A flimsy “cultural exemption” in our free trade deal with the US dates back to 1987. As intended, it offers no more than a speed bump to powerful US media and tech companies determined to dominate Canadian cultural consumption. It needs to be locked down.

How and when that happens in the permanent state of Trump chaos that we’ll endure for the next 1500 days isn’t clear.

Tariffs now, tariffs later,

tariffs done or undone.

How’s the weather in Newfoundland?

***

Spotify is feeling it. 

In this week’s corporate blog post, the Netflix-of-music-streaming stands triumphant.

As the colossus of the audio industry, Spotify is more than twice the size of any of its nearest competitors TenCent, YouTubeMusic, Apple and Amazon, with over 220 million paid subscribers. 

As the proud vanquisher of Napster and the torrent pirates, Spotify reports that every industry metric is looking up. Altogether, audio steamers have a half-billion paid subscribers signed up around the world. Spotify music VP David Kaefer says a billion is the next goal. 

Kaefer also says musician earnings are way up over the last ten years, with the top 10,000 musicians on Spotify —out of 10 million— earn at least $100,000 USD annually.
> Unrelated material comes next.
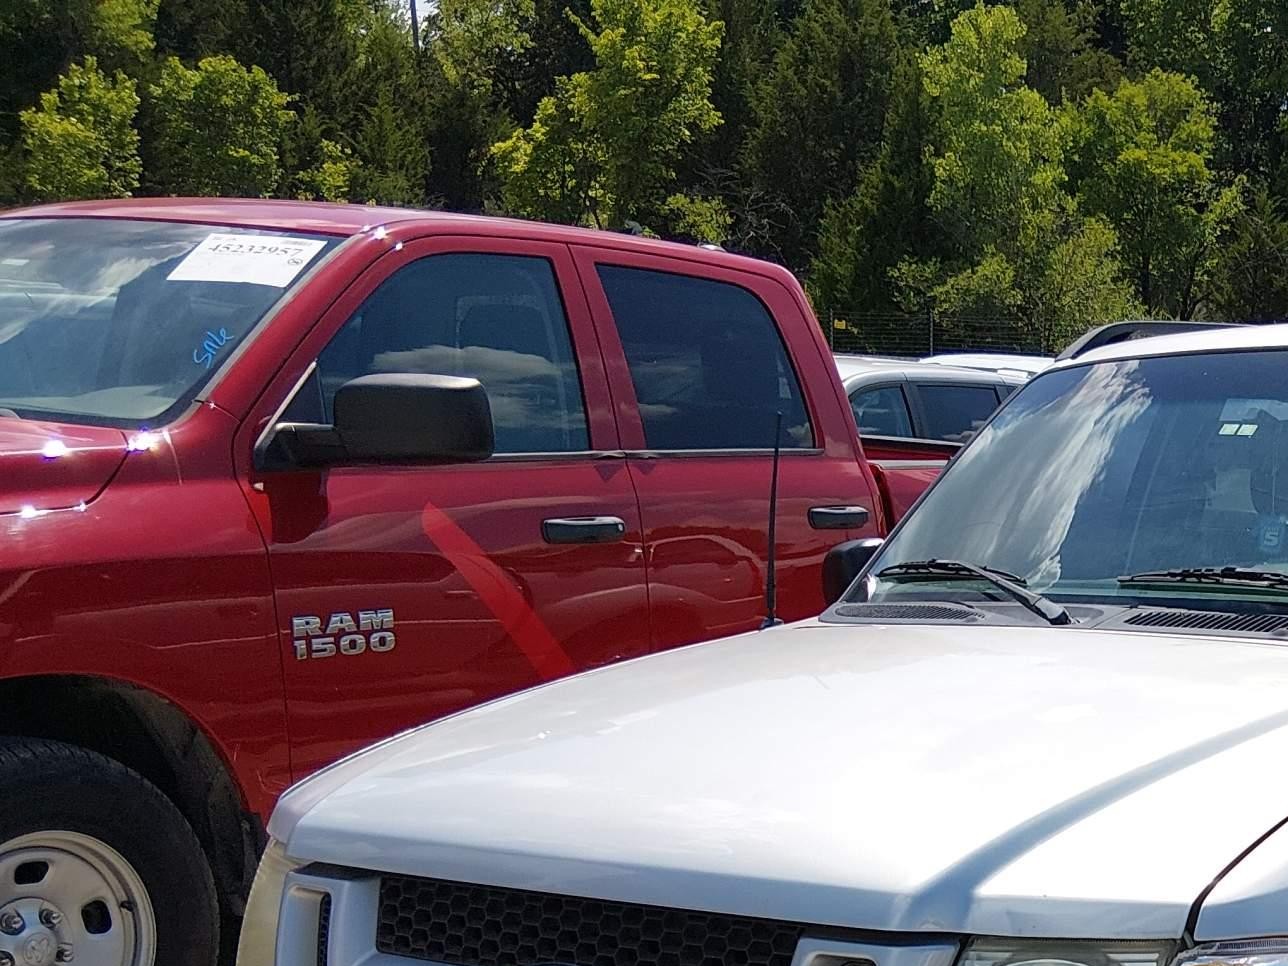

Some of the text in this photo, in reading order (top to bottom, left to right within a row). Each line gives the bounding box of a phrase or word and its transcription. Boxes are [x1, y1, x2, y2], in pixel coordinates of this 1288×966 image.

That money is shared with band members and songwriters.

Spotify earnings are 25% of a typical “musician’s” total income, he estimates, adding to income from other streaming services, downloads and live performances. 

The “long tail” of music creators uploading to streaming platforms, to quote music economist Will Page, “is very long and very skinny.”

***

The CRTC is expected to announce in March a public consultation on a policy framework for audio streaming and radio.

On the streaming side, the cash contribution of 5% of Canadian revenues was established by the CRTC last June, so this new consultation will likely focus on other things; the discoverability and prominence of Canadian songs being the logical focus.

The Commission just now put out a request for proposals for a third party research study of the prominence and discoverability of Canadian audio and video content. 

Well, better late than never, no? The results won’t be reported until November and will be unavailable for the policy framework.

In response to a MediaPolicy inquiry, commission staff said the report findings would be available when the commission moves into its third phase of setting tailored regulatory terms and conditions for streamers in 2026.  

***

The recommended podcast for the week is an episode of Bubble Trouble, music economist Will Page’s platform. 

He’s invited media oracle Doug Shapiro onto his show. MediaPolicy often recommends Shapiro’s Substack page, The Mediator. 

If you follow either tech or media news in the most cursory way, you’re going to find this interview about the past, present and future of media as riveting as I did.

If podcasts aren’t your thing, I found a LinkedIn post from Midia Research’s Mark Mulligan who has some out of the box thoughts about how music streaming algorithms that chase listening time above all else will drive away some artists, hardcore fans, and discerning listeners, into the emerging ecosystem of Do-It-Yourself distribution.

***

Here’s an update on my January 1st post about polling conducted by TMU’s The Dais School of Public Policy. 

No thin skins for them, the folks at The Dais acknowledged the point I raised about how its annual survey questions failed to solicit the experiences of Jews and women with online hate. 

The Dais also saw some merit in my observations that their poll questions testing Canadians’ susceptibility to misinformation on the basis of political ideology were torqued towards right-wing conspiracies and misinformation. 

To its credit, The Dais is going to review these issues in preparation for its 2025 survey.